_EXERCISE DIRECTIONS:_ Each entry below must be repeated word for word.

_MATERIAL PROVIDED:_
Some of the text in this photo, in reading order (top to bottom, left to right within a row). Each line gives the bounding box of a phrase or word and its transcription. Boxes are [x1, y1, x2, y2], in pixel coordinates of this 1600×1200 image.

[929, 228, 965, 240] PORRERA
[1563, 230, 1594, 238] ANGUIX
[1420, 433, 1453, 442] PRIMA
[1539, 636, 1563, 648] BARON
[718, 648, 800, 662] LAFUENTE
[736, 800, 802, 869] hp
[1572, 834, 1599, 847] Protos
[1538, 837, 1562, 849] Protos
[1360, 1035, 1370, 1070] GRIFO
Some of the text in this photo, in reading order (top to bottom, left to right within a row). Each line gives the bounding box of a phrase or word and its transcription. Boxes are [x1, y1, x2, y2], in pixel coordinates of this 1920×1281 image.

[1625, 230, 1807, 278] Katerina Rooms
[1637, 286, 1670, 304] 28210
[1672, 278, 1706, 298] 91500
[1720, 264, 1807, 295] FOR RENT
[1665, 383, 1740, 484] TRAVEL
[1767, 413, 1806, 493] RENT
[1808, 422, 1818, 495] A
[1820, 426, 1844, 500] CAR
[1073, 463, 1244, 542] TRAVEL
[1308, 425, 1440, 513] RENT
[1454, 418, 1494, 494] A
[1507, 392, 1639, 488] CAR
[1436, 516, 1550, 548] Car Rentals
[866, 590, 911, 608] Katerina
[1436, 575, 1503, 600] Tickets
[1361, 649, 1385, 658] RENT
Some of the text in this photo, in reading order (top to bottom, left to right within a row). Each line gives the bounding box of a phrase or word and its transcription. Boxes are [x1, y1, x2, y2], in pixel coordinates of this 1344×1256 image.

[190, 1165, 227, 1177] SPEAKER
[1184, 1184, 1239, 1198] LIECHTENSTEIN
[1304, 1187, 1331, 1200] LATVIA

_WRITTEN RESPONSE:_
Some of the text in this photo, in reading order (top to bottom, left to right within a row). Each line gives the bounding box of a phrase or word and its transcription. Boxes are [x1, y1, x2, y2], in pixel coordinates of this 1600×1200 image.

[929, 228, 965, 240] PORRERA
[1563, 230, 1594, 238] ANGUIX
[1420, 433, 1453, 442] PRIMA
[1539, 636, 1563, 648] BARON
[718, 648, 800, 662] LAFUENTE
[736, 800, 802, 869] hp
[1572, 834, 1599, 847] Protos
[1538, 837, 1562, 849] Protos
[1360, 1035, 1370, 1070] GRIFO
Some of the text in this photo, in reading order (top to bottom, left to right within a row). Each line gives the bounding box of a phrase or word and its transcription. Boxes are [x1, y1, x2, y2], in pixel coordinates of this 1920×1281 image.

[1625, 230, 1807, 278] Katerina Rooms
[1637, 286, 1670, 304] 28210
[1672, 278, 1706, 298] 91500
[1720, 264, 1807, 295] FOR RENT
[1665, 383, 1740, 484] TRAVEL
[1767, 413, 1806, 493] RENT
[1808, 422, 1818, 495] A
[1820, 426, 1844, 500] CAR
[1073, 463, 1244, 542] TRAVEL
[1308, 425, 1440, 513] RENT
[1454, 418, 1494, 494] A
[1507, 392, 1639, 488] CAR
[1436, 516, 1550, 548] Car Rentals
[866, 590, 911, 608] Katerina
[1436, 575, 1503, 600] Tickets
[1361, 649, 1385, 658] RENT
Some of the text in this photo, in reading order (top to bottom, left to right within a row). Each line gives the bounding box of a phrase or word and its transcription. Boxes are [x1, y1, x2, y2], in pixel coordinates of this 1344×1256 image.

[190, 1165, 227, 1177] SPEAKER
[1184, 1184, 1239, 1198] LIECHTENSTEIN
[1304, 1187, 1331, 1200] LATVIA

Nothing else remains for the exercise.